从脑卒中治疗而言,仅根据临床表现制定的治疗方案,使患者受益最多。在制定治疗方案时越是依赖于辅助检查(如头颅MRI、血液生化指标),患者受益越少。过多的依赖于辅助检查,给国家和个人均会造成较大的经济负担。
综上所述,TIA临床定义在临床实践和研究中仍然起到重要的作用,但是需要进一步改进。
我们是否需要影像学资料
在Coutts等的前瞻性研究中,180例TIA或小卒中(NIHSS≤3)患者入组,12小时内完成临床评价,24小时内进行头颅MRI检查。主要终点为90天内脑卒中复发的患者比例。研究目的在于比较TIA后两天内发生卒中危险的新模型(ABCD2)评分和ABCD2评分+头颅MRI表现(DWI病灶和血管狭窄程度)对脑卒中复发风险的预测能力。
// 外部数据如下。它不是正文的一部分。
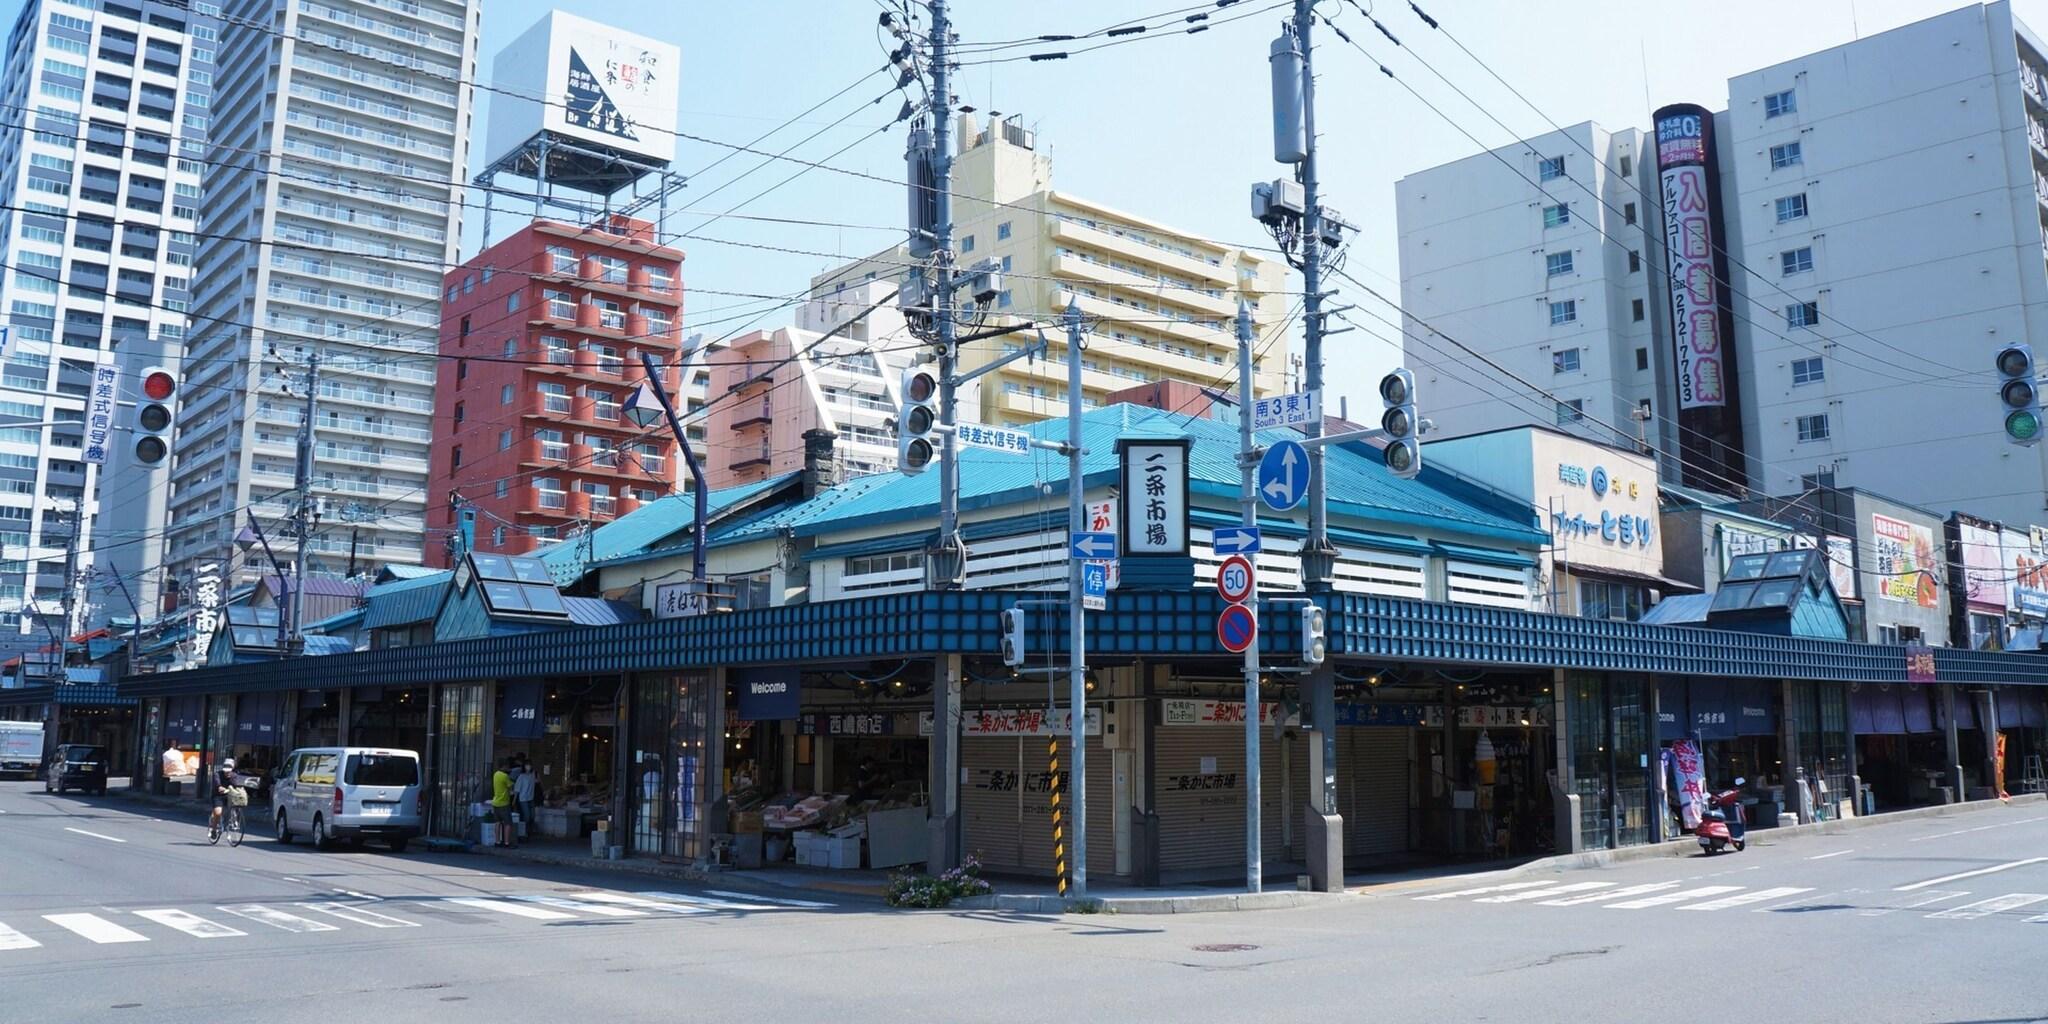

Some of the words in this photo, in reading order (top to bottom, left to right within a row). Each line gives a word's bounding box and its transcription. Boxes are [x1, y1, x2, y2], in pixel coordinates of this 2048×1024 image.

研究结果表明,ABCD2评分结合头颅MRI检查有助于对脑卒中复发风险的判断和分级。
影像学检查的理想情况:急诊临床症状评价后立即完善头颅MRI检查,同时完善血管影像学检查,包括颅内和颈部血管检查(MRA和/或CTA)。CT/CTA有助于确定大多数脑卒中复发高风险患者,高分辨DWI有助于早期发现新鲜梗塞灶。
结论:头颅影像学有助于风险预测。头颅MRI检查对于脑实质病变更为有效。尽快完善血管影像学检查对患者有益。